Currently, lignocellulose derived from different sources is taken as the alternative to sawdust and utilized in L. edodes cultivation for the purpose of forest resource protection and sustainable development [19,20]. The proportion of cellulose, hemicellulose, and lignin varied with the sources and types of lignocellulose [21]. L. edodes presented diverse growth characteristics on different lignocellulose culture substrates. This was attributed to the individual metabolic characteristic of L. edodes on the three components of lignocellulose. It revealed that L. edodes prefers hemicellulose over cellulose as the carbon source [16]. Moreover, our previous study has proved that hemicellulose stimulated mycelia biomass and polysaccharides biosynthesis [22]. Meanwhile, it was found that there was a synergistic relationship between lignin and hemicellulose in lignocellulose degradation in L. edodes [23].

To date, there are many investigations focusing on the biodegradation of lignin as well as the interrelation between lignin, microorganism, and enzymes. Nevertheless, as the precursor of phenolic acids, whether the addition of lignin will affect the metabolism, transformation, and enrichment of phenolic acids in L. edodes mycelia remains to be further explored. Moreover, the impact of lignin on mycelium growth is still unclear during liquid fermentation. To this end, our report aimed to reveal the impacts of lignin on the fugal growth, chemical compositions, as well as accumulation of phenolic compounds in L. edodes during liquid fermentation.

2. Materials and Methods

2.1. Strain and Materials

The L. edodes strain Qiuzai No.7 (Q-7) used in the present study was obtained from Hubei Yuguo Guye Co., Ltd. (Suizhou, China) and was preserved on potato dextrose agar (PDA) medium at 4 °C. Sodium lignosulfonate and xylo-oligosaccharide were purchased from Aladdin Biotechnology Co., Ltd. (Shanghai, China) and Shandong Longlive Bio-Technology Co., Ltd. (Dezhou, China), respectively [22].

Ergosterol as well as phenolic compound standards (gallic acid, protocatechuic acid, caffeic acid, syringic acid, vanillin, p-coumaric acid, and ferulic acid) were purchased from Sigma-Aldrich (St. Louis, MO, USA). Acetonitrile and methanol with a purity of 99.9% as the mobile phase were of high-performance liquid chromatography (HPLC) grade (Merck, Germany). All other chemicals and solvents were of analytical grade and purchased from common suppliers.

2.2. Culture Condition

The basic liquid medium for L. edodes growth was a modified potato dextrose broth (PDB) medium containing 2% (w/v) hemicellulose instead of glucose [22]. Lignin was added to the medium at the beginning of cultivation to provide a final concentration ranging from 0.05%, 0.10%, and 0.20% (w/v), respectively, while the media without lignin served as a control (CK). Prior to autoclaving, the culture media were acidified to pH 6.0 ± 0.1 with 1 M HCl. Experimental mycelia were collected after cultivation for 10 days in a shaking incubator (160 rpm) at 28 °C and 75% relative humidity (RH). RH in the laboratory was maintained at 50–70% constantly. The supernatants were analyzed for enzyme activity. All experiments were conducted in triplicates.

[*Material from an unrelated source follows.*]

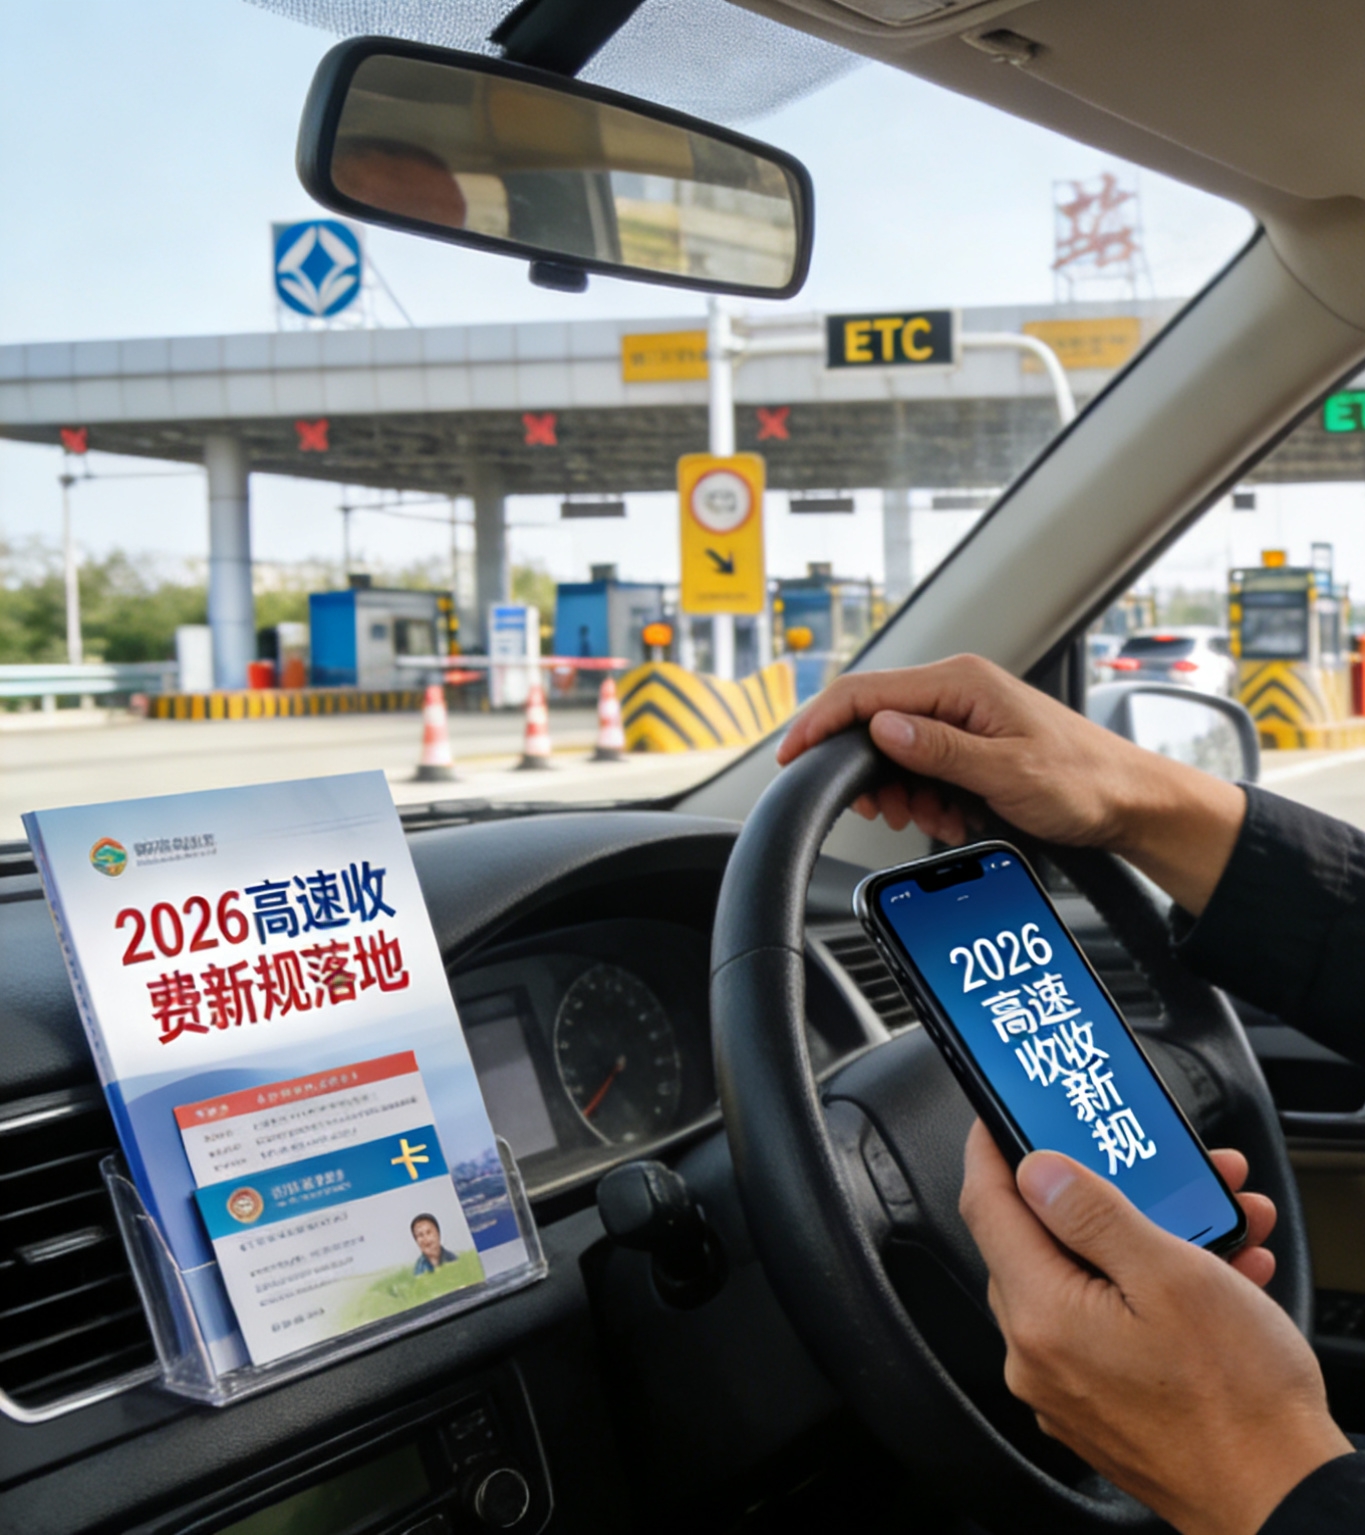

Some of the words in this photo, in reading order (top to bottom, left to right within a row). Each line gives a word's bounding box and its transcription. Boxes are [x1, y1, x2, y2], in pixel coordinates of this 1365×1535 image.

2.3. Determinations of Mycelium Biomass and Compositional Analysis

After 10 days fermentation, experimental mycelia were harvested by centrifugation (5000× g, 20 min) and then washed by deionized water sufficiently, followed by lyophilization. Mycelia yield was measured as follows:

y = M₁/V₁

(1)

in which y is the mycelia or biomass yield (g/L), M₁ is the dry weight of mycelia (g), and V₁ is the volume of medium (L).

The chemical compositions of cultured mycelia, including crude protein, total polysaccharide, ergosterol, and ash, were determined according to the AOAC methods (AOAC, 1995). Briefly, ash content was measured by carbonization and incineration in a muffle furnace at 550 °C until constant weight. Crude protein content (N × 4.38) was determined according to the micro-Kjeldahl method. Total water-soluble polysaccharides (WSP) were extracted with boiling water and then precipitated with anhydrous ethanol (1:4, v/v) at 4 °C overnight. After centrifugation at 5000× g for 30 min, precipitate was washed three times with five volumes of ethanol, followed by deproteinization with Sevag reagent (1-butanol/chloroform, v/v = 1:4) and lyophilization to obtain the crude polysaccharide. The yields of crude WSP extracts were recorded subsequently. The content of ergosterol was measured according to the method by Niemenmaa, Galkin, and Hatakka (2008), with slight modifications [24]. In short, mycelia were saponified by 10% KOH in methanol at 80 °C for 1 h. The supernatant was mixed with hexane and distilled water and then centrifuged at 6000× g for 15 min. The preceding step was repeated twice, whereafter the n-hexane phase was collected and evaporated under vacuum at 50 °C. Extracted ergosterol was redissolved with 500 μL of methanol (HPLC grade) and filtered through a 0.22 µm membrane. Extracted ergosterol was redissolved with 500 μL of methanol and filtered through a 0.22 µm membrane. Agilent 1260 Infinity HPLC system coupled with a diode array detector (DAD) and a C₁₈ column (4.6 × 250 mm, 5 µm; Agilent, Santa Clara, CA, USA) was employed. A total of 20 μL of sample solution was injected and eluted with methanol at a constant flow rate of 1.0 mL/min at 30 °C.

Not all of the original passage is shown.